## [Problem description]
The data below is to be repeated in full, exactly as given.

Top of Source material

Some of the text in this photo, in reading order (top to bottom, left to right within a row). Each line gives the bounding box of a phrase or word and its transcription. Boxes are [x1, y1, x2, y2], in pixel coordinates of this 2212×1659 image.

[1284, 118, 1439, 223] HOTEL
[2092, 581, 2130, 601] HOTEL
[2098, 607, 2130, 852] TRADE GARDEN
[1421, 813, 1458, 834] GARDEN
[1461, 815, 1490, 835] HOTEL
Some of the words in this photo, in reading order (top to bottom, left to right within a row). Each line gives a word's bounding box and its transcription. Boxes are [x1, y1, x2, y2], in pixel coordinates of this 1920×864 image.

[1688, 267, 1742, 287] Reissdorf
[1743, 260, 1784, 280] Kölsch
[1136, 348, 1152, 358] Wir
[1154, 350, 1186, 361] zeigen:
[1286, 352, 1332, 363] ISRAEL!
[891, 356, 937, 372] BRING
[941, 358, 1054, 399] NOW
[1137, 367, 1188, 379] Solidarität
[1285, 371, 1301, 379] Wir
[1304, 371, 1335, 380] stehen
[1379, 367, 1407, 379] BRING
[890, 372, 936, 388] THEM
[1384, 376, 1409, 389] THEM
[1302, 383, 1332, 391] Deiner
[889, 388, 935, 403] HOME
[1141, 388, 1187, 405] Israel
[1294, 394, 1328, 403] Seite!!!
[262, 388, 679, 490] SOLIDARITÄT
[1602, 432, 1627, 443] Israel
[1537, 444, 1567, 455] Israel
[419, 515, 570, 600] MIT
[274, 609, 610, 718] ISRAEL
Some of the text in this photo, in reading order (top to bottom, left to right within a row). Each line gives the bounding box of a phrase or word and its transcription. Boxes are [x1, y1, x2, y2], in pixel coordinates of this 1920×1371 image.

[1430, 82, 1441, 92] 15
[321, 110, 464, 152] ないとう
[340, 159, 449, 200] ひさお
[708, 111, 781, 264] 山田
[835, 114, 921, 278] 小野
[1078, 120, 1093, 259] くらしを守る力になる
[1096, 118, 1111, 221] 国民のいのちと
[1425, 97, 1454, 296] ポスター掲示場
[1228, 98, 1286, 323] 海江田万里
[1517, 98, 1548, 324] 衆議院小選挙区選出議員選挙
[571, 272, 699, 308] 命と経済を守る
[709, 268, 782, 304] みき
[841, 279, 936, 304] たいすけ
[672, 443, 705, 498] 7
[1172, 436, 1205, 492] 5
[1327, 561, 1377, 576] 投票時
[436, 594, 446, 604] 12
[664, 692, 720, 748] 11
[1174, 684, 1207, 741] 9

Bottom of Source material

## [The answer]
Some of the text in this photo, in reading order (top to bottom, left to right within a row). Each line gives the bounding box of a phrase or word and its transcription. Boxes are [x1, y1, x2, y2], in pixel coordinates of this 2212×1659 image.

[1284, 118, 1439, 223] HOTEL
[2092, 581, 2130, 601] HOTEL
[2098, 607, 2130, 852] TRADE GARDEN
[1421, 813, 1458, 834] GARDEN
[1461, 815, 1490, 835] HOTEL
Some of the words in this photo, in reading order (top to bottom, left to right within a row). Each line gives a word's bounding box and its transcription. Boxes are [x1, y1, x2, y2], in pixel coordinates of this 1920×864 image.

[1688, 267, 1742, 287] Reissdorf
[1743, 260, 1784, 280] Kölsch
[1136, 348, 1152, 358] Wir
[1154, 350, 1186, 361] zeigen:
[1286, 352, 1332, 363] ISRAEL!
[891, 356, 937, 372] BRING
[941, 358, 1054, 399] NOW
[1137, 367, 1188, 379] Solidarität
[1285, 371, 1301, 379] Wir
[1304, 371, 1335, 380] stehen
[1379, 367, 1407, 379] BRING
[890, 372, 936, 388] THEM
[1384, 376, 1409, 389] THEM
[1302, 383, 1332, 391] Deiner
[889, 388, 935, 403] HOME
[1141, 388, 1187, 405] Israel
[1294, 394, 1328, 403] Seite!!!
[262, 388, 679, 490] SOLIDARITÄT
[1602, 432, 1627, 443] Israel
[1537, 444, 1567, 455] Israel
[419, 515, 570, 600] MIT
[274, 609, 610, 718] ISRAEL
Some of the text in this photo, in reading order (top to bottom, left to right within a row). Each line gives the bounding box of a phrase or word and its transcription. Boxes are [x1, y1, x2, y2], in pixel coordinates of this 1920×1371 image.

[1430, 82, 1441, 92] 15
[321, 110, 464, 152] ないとう
[340, 159, 449, 200] ひさお
[708, 111, 781, 264] 山田
[835, 114, 921, 278] 小野
[1078, 120, 1093, 259] くらしを守る力になる
[1096, 118, 1111, 221] 国民のいのちと
[1425, 97, 1454, 296] ポスター掲示場
[1228, 98, 1286, 323] 海江田万里
[1517, 98, 1548, 324] 衆議院小選挙区選出議員選挙
[571, 272, 699, 308] 命と経済を守る
[709, 268, 782, 304] みき
[841, 279, 936, 304] たいすけ
[672, 443, 705, 498] 7
[1172, 436, 1205, 492] 5
[1327, 561, 1377, 576] 投票時
[436, 594, 446, 604] 12
[664, 692, 720, 748] 11
[1174, 684, 1207, 741] 9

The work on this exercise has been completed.